> Exercise aim
Make an exact copy of the listing underneath, skipping each picture.

> Material for this exercise
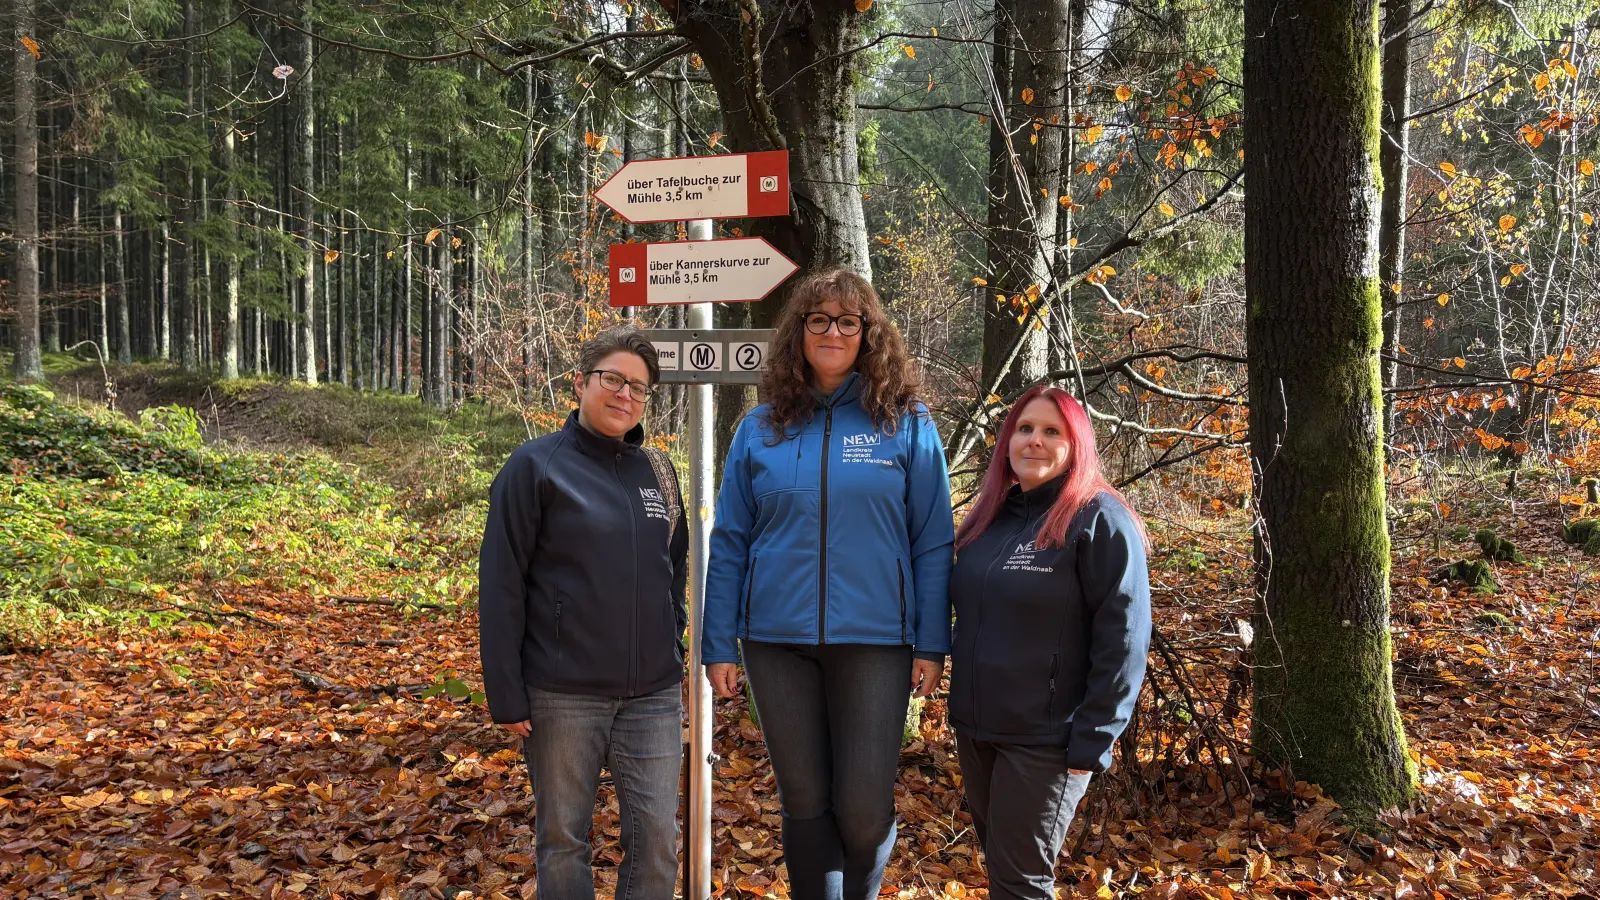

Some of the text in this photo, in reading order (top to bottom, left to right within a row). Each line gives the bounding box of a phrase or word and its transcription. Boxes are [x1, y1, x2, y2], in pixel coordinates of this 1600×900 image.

[627, 174, 741, 190] über Tafelbuche zur
[627, 190, 703, 204] Mühle 3,5 km
[649, 256, 770, 271] über Kannerskurve zur
[649, 272, 718, 285] Mühle 3,5 km
[657, 348, 676, 359] lme
[696, 347, 709, 366] M
[743, 347, 755, 365] 2
[843, 433, 878, 446] NEW
[1021, 565, 1054, 573] Waldnaab

> Response to this task
Some of the text in this photo, in reading order (top to bottom, left to right within a row). Each line gives the bounding box of a phrase or word and its transcription. Boxes are [x1, y1, x2, y2], in pixel coordinates of this 1600×900 image.

[627, 174, 741, 190] über Tafelbuche zur
[627, 190, 703, 204] Mühle 3,5 km
[649, 256, 770, 271] über Kannerskurve zur
[649, 272, 718, 285] Mühle 3,5 km
[657, 348, 676, 359] lme
[696, 347, 709, 366] M
[743, 347, 755, 365] 2
[843, 433, 878, 446] NEW
[1021, 565, 1054, 573] Waldnaab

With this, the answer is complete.